Task prompt >> Copy every entry below exactly, and keep out the pictures.

☆ ☆ ☆ ☆ ☆ ☆ ☆

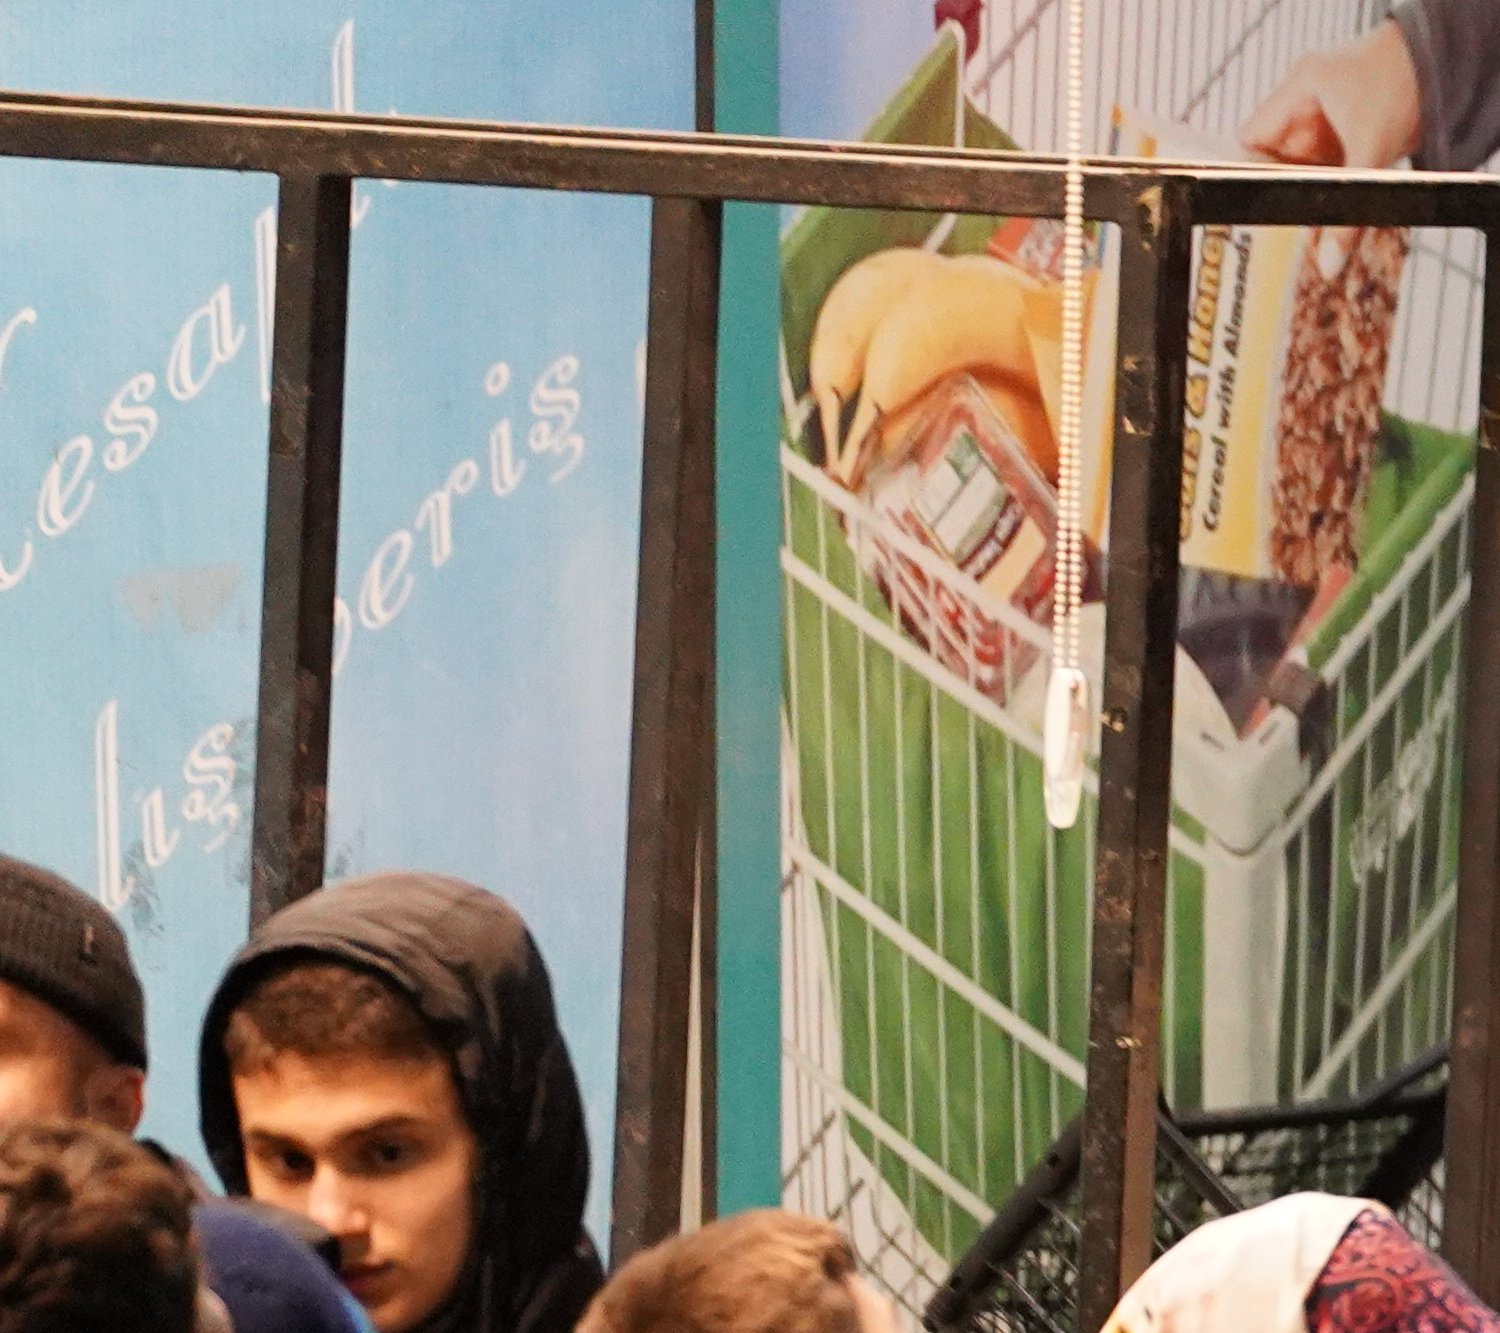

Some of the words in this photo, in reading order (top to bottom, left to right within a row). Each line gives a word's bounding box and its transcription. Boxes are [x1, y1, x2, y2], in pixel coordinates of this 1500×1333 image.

[1223, 231, 1252, 358] Almonds
[1217, 364, 1237, 429] with
[1203, 433, 1227, 531] Cereal
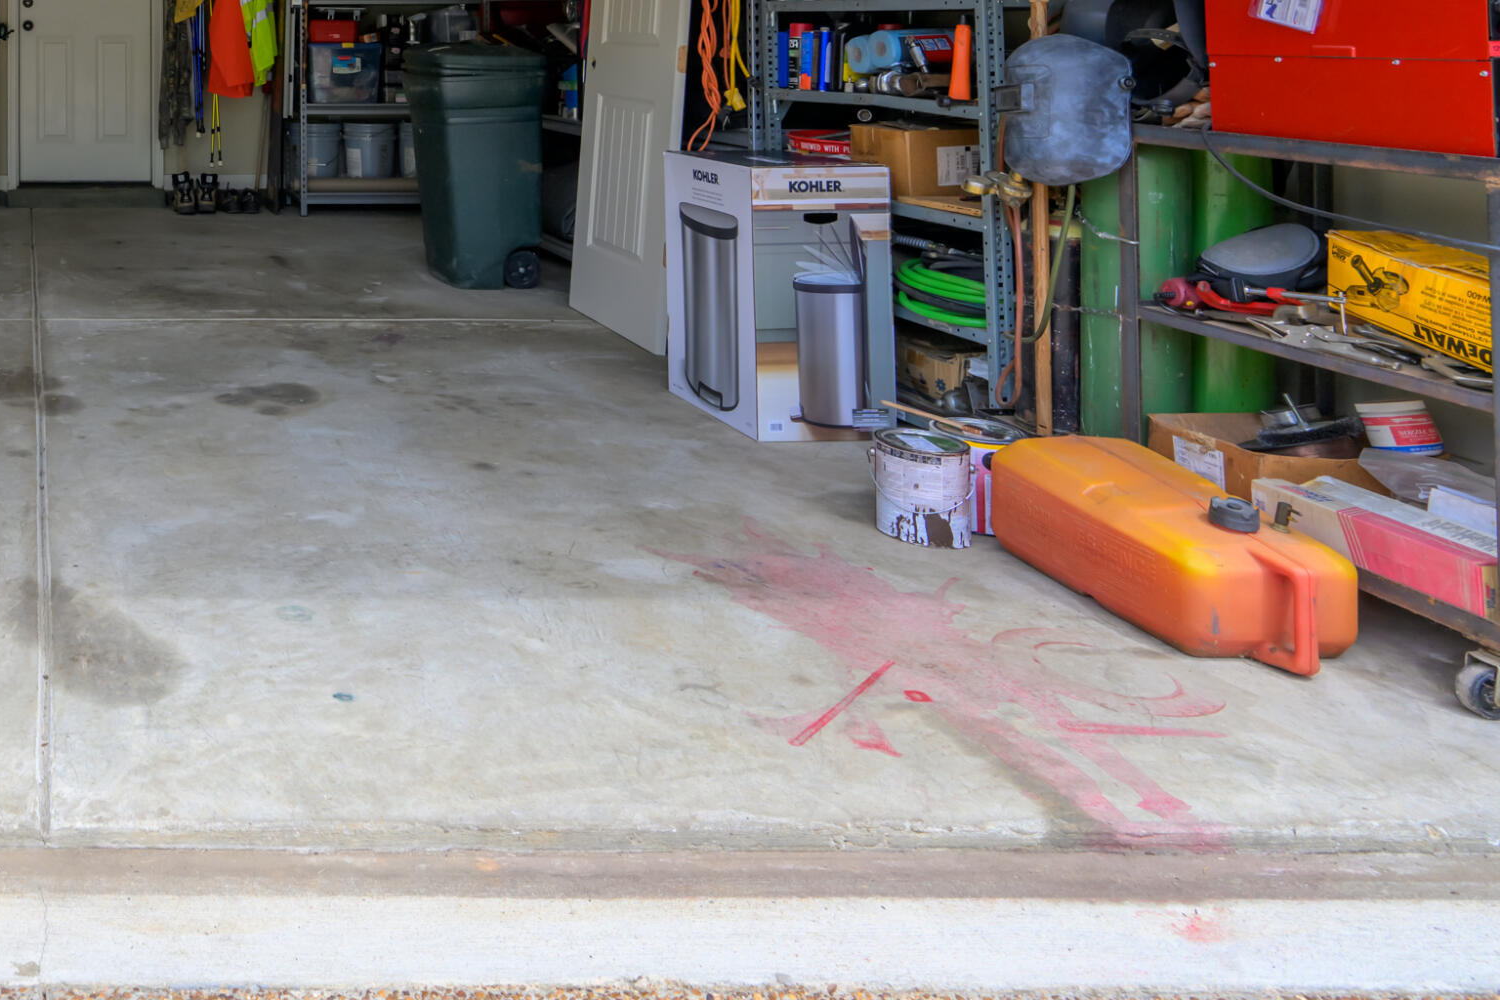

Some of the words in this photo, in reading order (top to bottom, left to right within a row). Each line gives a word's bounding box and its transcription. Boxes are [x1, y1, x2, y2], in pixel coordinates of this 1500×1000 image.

[823, 144, 840, 153] WITH
[692, 168, 720, 185] KOHLER
[788, 180, 842, 193] KOHLER
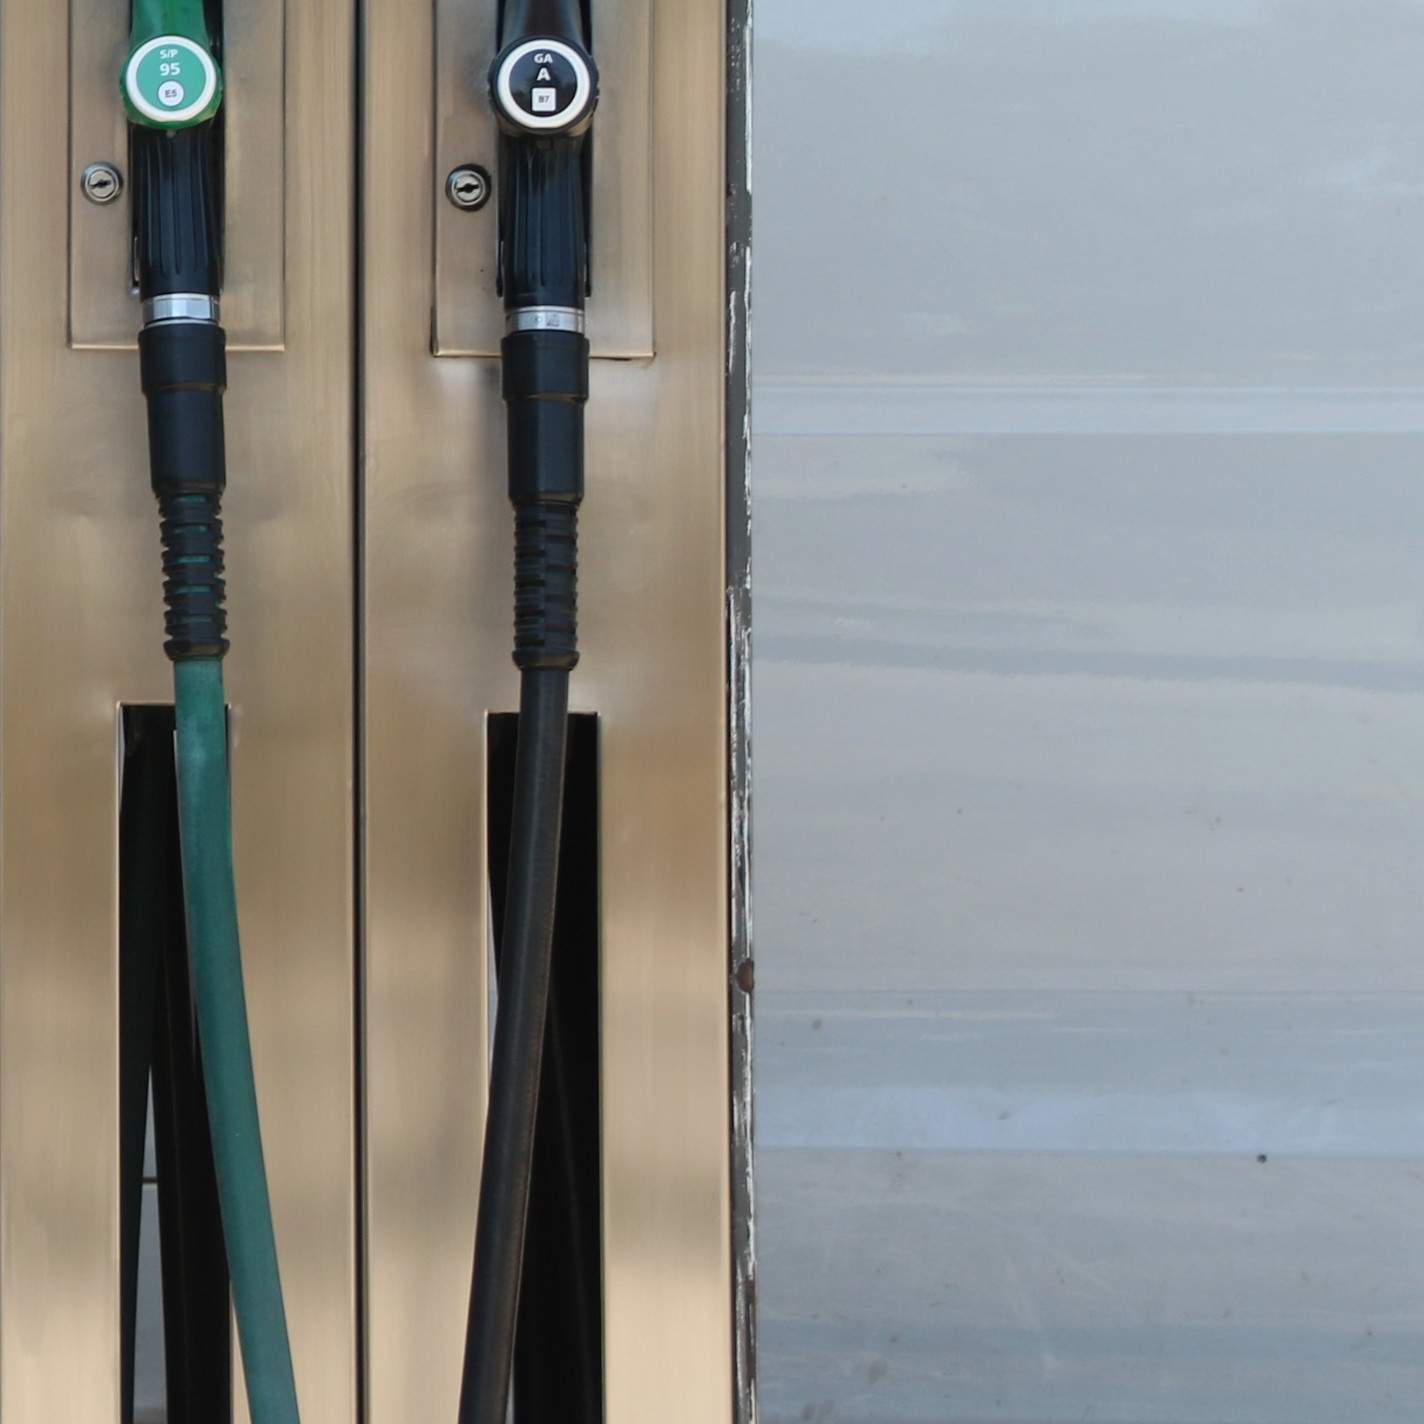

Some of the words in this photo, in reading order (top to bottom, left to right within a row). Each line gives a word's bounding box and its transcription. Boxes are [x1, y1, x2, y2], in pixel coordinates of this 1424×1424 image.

[534, 53, 554, 63] GA
[159, 62, 181, 76] 95
[536, 67, 551, 81] A

☆ ☆ ☆ ☆ ☆ ☆ ☆

Solution for this problem >>
Some of the words in this photo, in reading order (top to bottom, left to right within a row). Each line gives a word's bounding box and its transcription. Boxes are [x1, y1, x2, y2], in pixel coordinates of this 1500×1333 image.

[1223, 231, 1252, 358] Almonds
[1217, 364, 1237, 429] with
[1203, 433, 1227, 531] Cereal

Some of the words in this photo, in reading order (top to bottom, left to right within a row). Each line gives a word's bounding box and its transcription. Boxes are [x1, y1, x2, y2], in pixel coordinates of this 1500×1000 image.

[823, 144, 840, 153] WITH
[692, 168, 720, 185] KOHLER
[788, 180, 842, 193] KOHLER

Some of the words in this photo, in reading order (top to bottom, left to right within a row). Each line gives a word's bounding box and its transcription. Boxes are [x1, y1, x2, y2], in pixel coordinates of this 1424×1424 image.

[534, 53, 554, 63] GA
[159, 62, 181, 76] 95
[536, 67, 551, 81] A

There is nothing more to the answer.